No pictures, nothing altered: return the data below.

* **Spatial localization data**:
·····
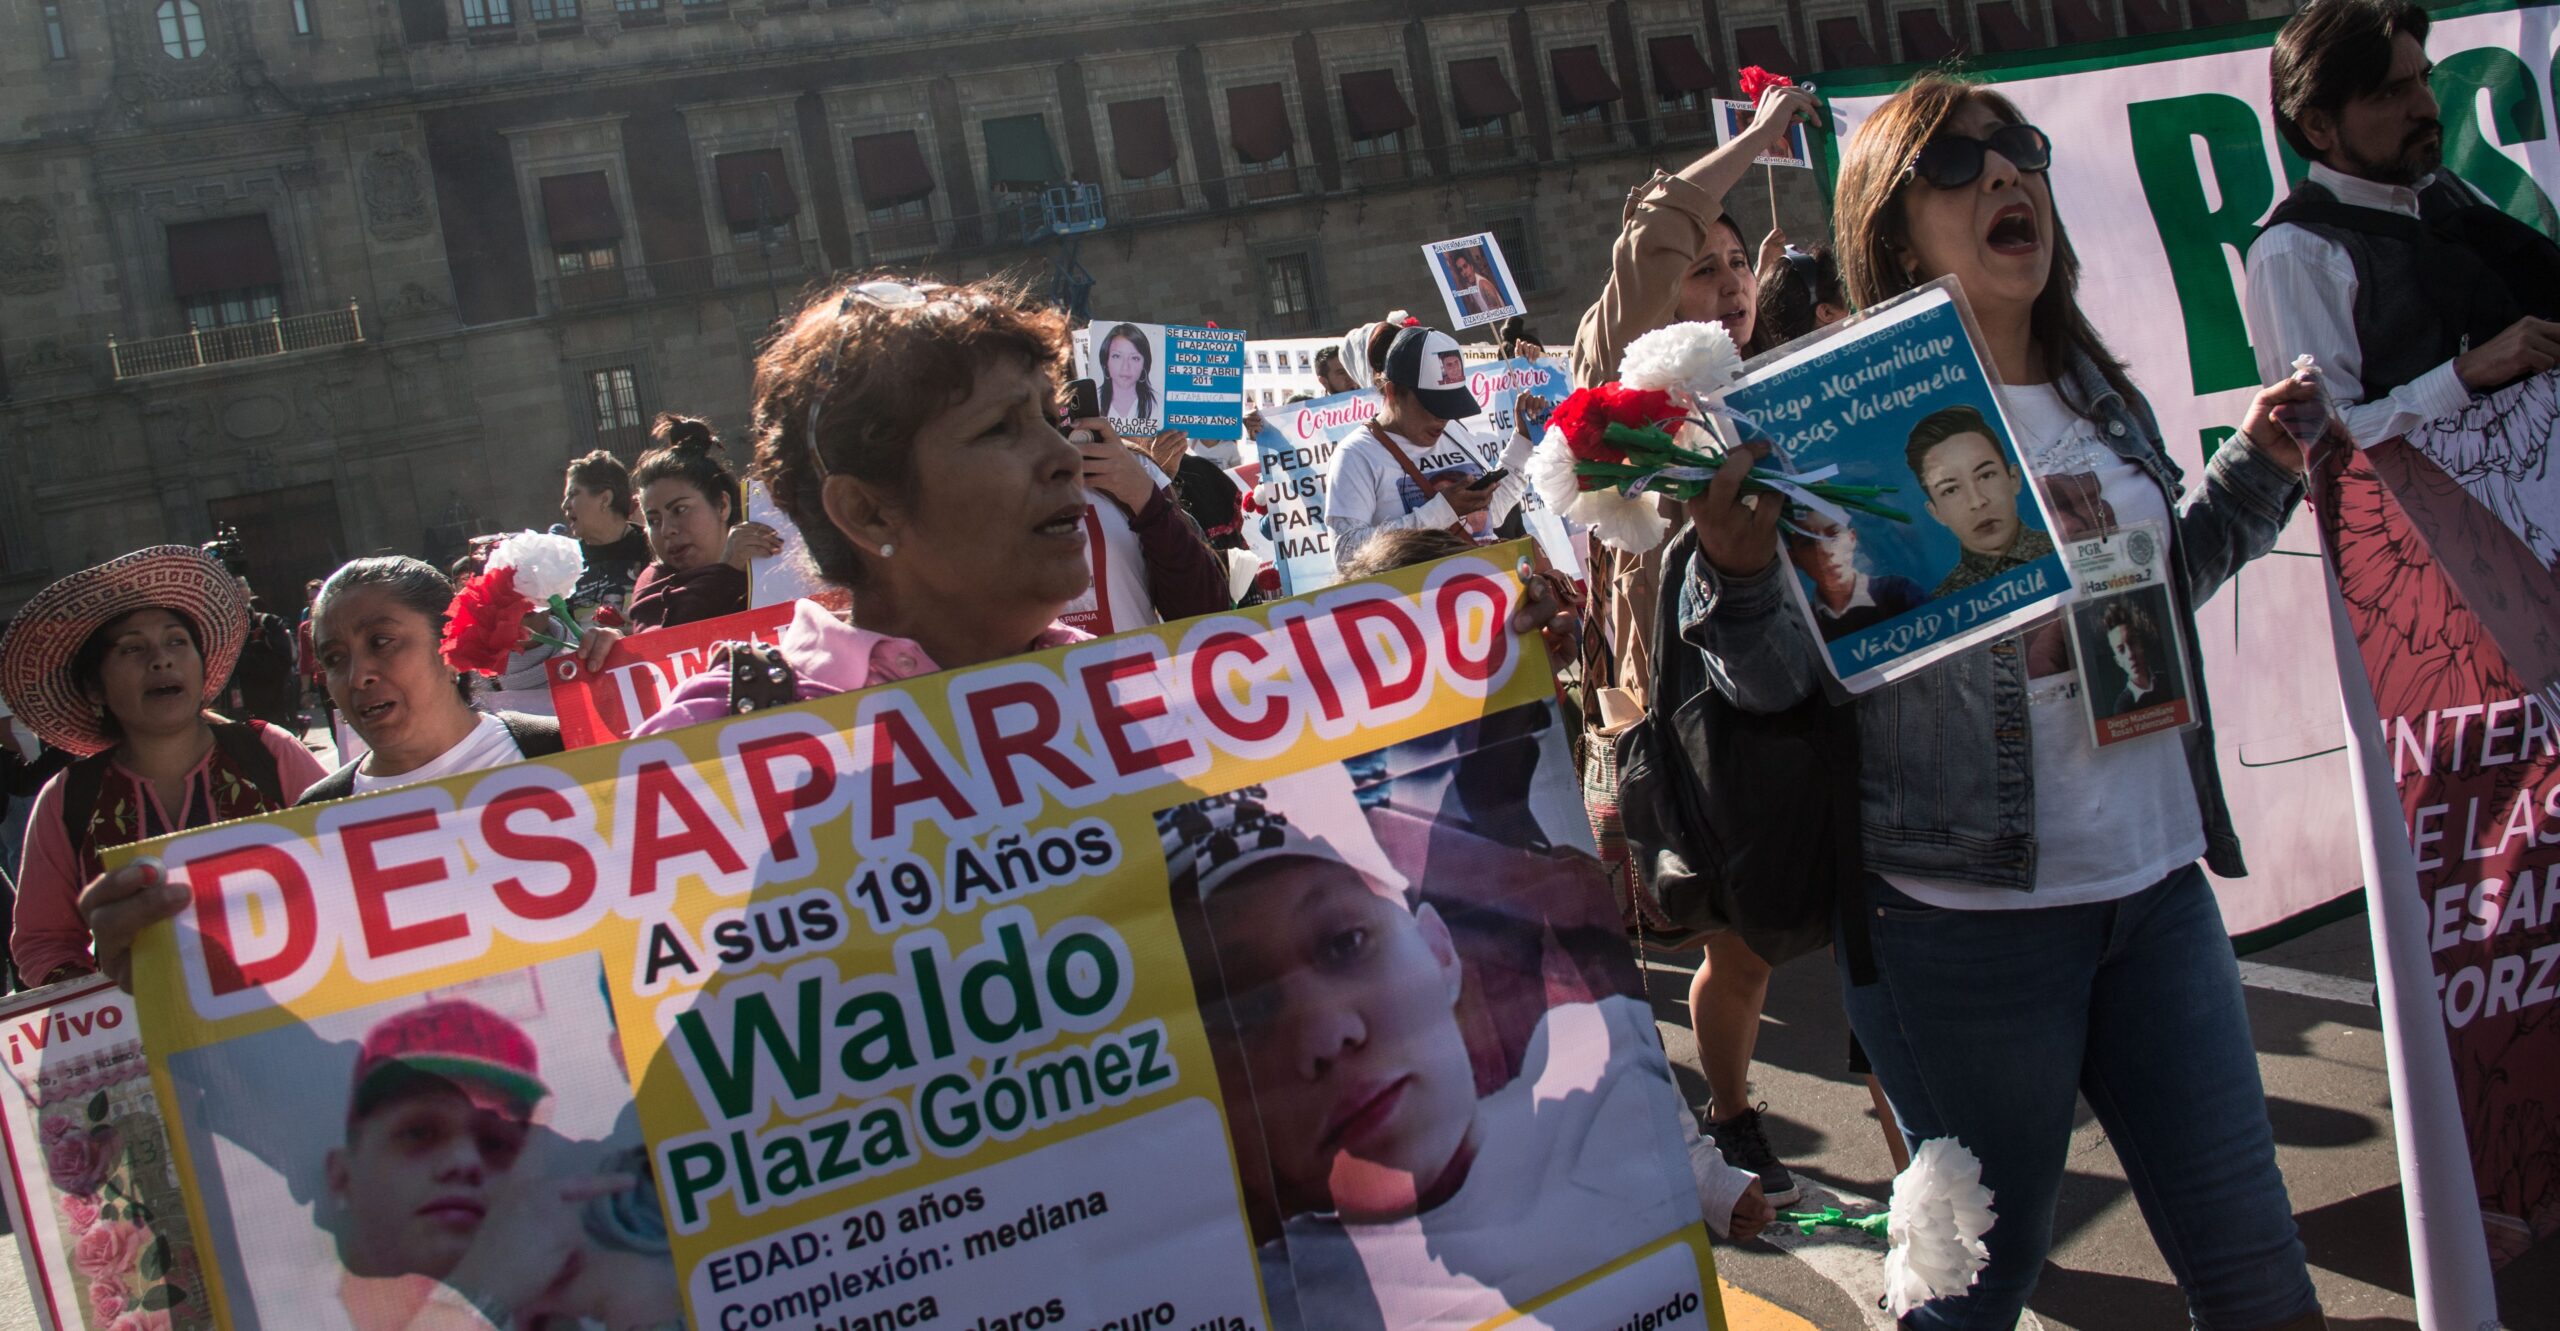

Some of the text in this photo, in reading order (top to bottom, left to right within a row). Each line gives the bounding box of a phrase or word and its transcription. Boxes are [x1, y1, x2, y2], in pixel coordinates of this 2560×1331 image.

[1167, 328, 1245, 342] SE EXTRAVIO EN
[1178, 341, 1236, 352] TLAPACOYA
[1168, 366, 1239, 377] EL 23 DE ABRIL
[1193, 376, 1213, 385] 2011
[1744, 336, 1954, 439] Diego Maximiliano
[1472, 368, 1549, 408] Guerrero
[1125, 418, 1158, 428] LOPEZ
[1297, 396, 1376, 440] Cornelia
[1773, 364, 1967, 459] Rosas Valenzuela
[1115, 425, 1157, 435] DONADO
[1263, 441, 1339, 475] PEDIM
[1269, 473, 1328, 504] JUST
[1272, 505, 1325, 533] PAR
[1278, 532, 1330, 560] MAD
[2077, 542, 2102, 558] PGR
[1060, 612, 1098, 624] ARMONA
[1852, 614, 1942, 661] VERDAD
[2107, 718, 2129, 730] Diego
[2111, 726, 2134, 738] Rosas
[186, 573, 1508, 996] DESAPARECIDO
[644, 826, 1113, 986] A sus 19 Años
[8, 1005, 123, 1066] ¡Vivo
[677, 922, 1119, 1121] Waldo
[667, 1028, 1171, 1225] Plaza Gómez
[708, 1186, 986, 1293] EDAD: 20 años
[720, 1190, 1109, 1331] Complexión: mediana
·····
* **EXERCISE OUTPUT**:
Some of the text in this photo, in reading order (top to bottom, left to right within a row). Each line gives the bounding box of a phrase or word and its transcription. Boxes are [x1, y1, x2, y2], in pixel coordinates of this 2560×1331 image.

[1167, 328, 1245, 342] SE EXTRAVIO EN
[1178, 341, 1236, 352] TLAPACOYA
[1168, 366, 1239, 377] EL 23 DE ABRIL
[1193, 376, 1213, 385] 2011
[1744, 336, 1954, 439] Diego Maximiliano
[1472, 368, 1549, 408] Guerrero
[1125, 418, 1158, 428] LOPEZ
[1297, 396, 1376, 440] Cornelia
[1773, 364, 1967, 459] Rosas Valenzuela
[1115, 425, 1157, 435] DONADO
[1263, 441, 1339, 475] PEDIM
[1269, 473, 1328, 504] JUST
[1272, 505, 1325, 533] PAR
[1278, 532, 1330, 560] MAD
[2077, 542, 2102, 558] PGR
[1060, 612, 1098, 624] ARMONA
[1852, 614, 1942, 661] VERDAD
[2107, 718, 2129, 730] Diego
[2111, 726, 2134, 738] Rosas
[186, 573, 1508, 996] DESAPARECIDO
[644, 826, 1113, 986] A sus 19 Años
[8, 1005, 123, 1066] ¡Vivo
[677, 922, 1119, 1121] Waldo
[667, 1028, 1171, 1225] Plaza Gómez
[708, 1186, 986, 1293] EDAD: 20 años
[720, 1190, 1109, 1331] Complexión: mediana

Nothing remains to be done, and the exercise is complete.